In November 2007, Janet Kopenhaver, the Washington representative of Federally Employed Women, said she hoped that FEW and other groups supporting legislation to make the Senior Executive Service more diverse would be able to get the bill passed, since it seemed minor in comparison with other issues.
"It seems pretty noncontroversial," Kopenhaver said at the time. "They've [lawmakers] had a lot on their plate. This is not one of these big issues that you read about, but maybe we can get it through on the merits."
She could have been talking about much of the federal workforce agenda. Even as Congress has remained largely unable to act decisively on the Iraq war and has been consumed with passing housing reform, federal workforce proposals have moved inexorably forward, both in the legislative branch and through other channels. Congress could be effectively -- if not officially -- shut down for the year, since the presidential election will consume a great deal of time and attention this fall. But federal workforce issues have thrived in spite of, and perhaps because of, the benign neglect of most policymakers.
This week alone, the Defense Department permanently waived health care deductibles for the families of some Reserve and National Guard members who are on active duty, extending a demonstration project authorized in 2005. And the Thrift Savings Plan continued on its self-improvement course by allowing the plan's participants to create custom user IDs to replace the 13-digit account numbers it issued in 2007.
This speaks well of the agencies and managers overseeing benefits programs. In the absence of serious public discussion about employee benefits and any other outside motivating force, these people are thinking seriously and creatively about how to improve the programs they administer.
Congress isn't giving up the ghost either. The House passed in June the diversity legislation Kopenhaver and others supported, modifying a proposal to have three-person panels including a woman and a racial or ethnic minority review SES appointments. Lawmakers instead recommended that agencies include women, minorities and people with disabilities on executive resource boards and qualifications review boards. That change in language came at the request of the Senior Executives Association -- proof that some employees' voices are heard through the legislative sound and the fury.
In July, the House also moved forward on legislation to automatically enroll employees in the TSP and invest those contributions in a conservative investment fund, an idea that the Federal Retirement Thrift Investment Board and Employee Thrift Advisory Council have been discussing.
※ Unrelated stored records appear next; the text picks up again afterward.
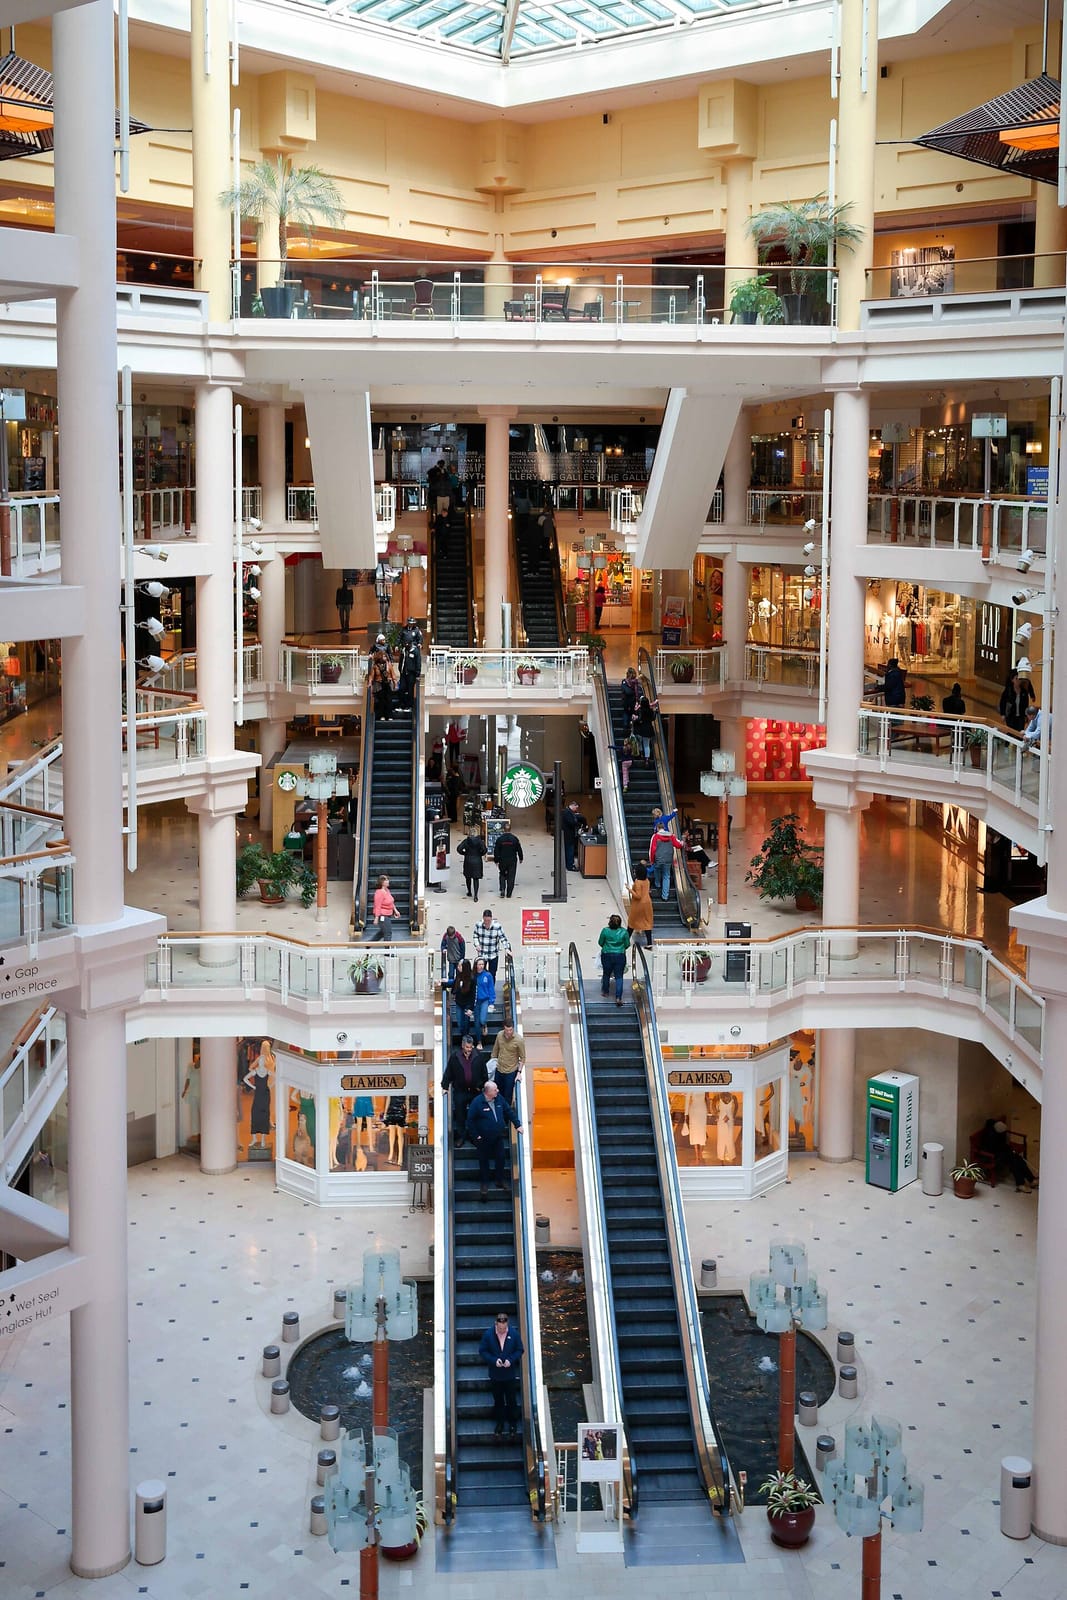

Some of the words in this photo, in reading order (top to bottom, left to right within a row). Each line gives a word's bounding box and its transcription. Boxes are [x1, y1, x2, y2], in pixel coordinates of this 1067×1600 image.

[982, 603, 1001, 649] GAP
[15, 966, 39, 979] Gap
[1, 986, 26, 1000] ren's
[28, 979, 58, 993] Place
[350, 1077, 365, 1088] LA
[367, 1076, 398, 1088] MESA
[678, 1072, 694, 1084] LA
[695, 1072, 725, 1084] MESA
[15, 1297, 35, 1312] Wet
[38, 1287, 60, 1304] Seal
[35, 1305, 52, 1320] Hut
And shortly after that, the Senate took notice of 300 Government Accountability Office employees who were excluded under a ratings system that took effect in 2005 and passed a bill restoring their back pay.
All of these bills still need to pass another chamber before they reach President Bush's -- or his successor's -- desk. Not all the legislation will make everyone happy. But in a politically charged season when more controversial issues might have distracted lawmakers, workforce bills are getting time on the legislative calendar.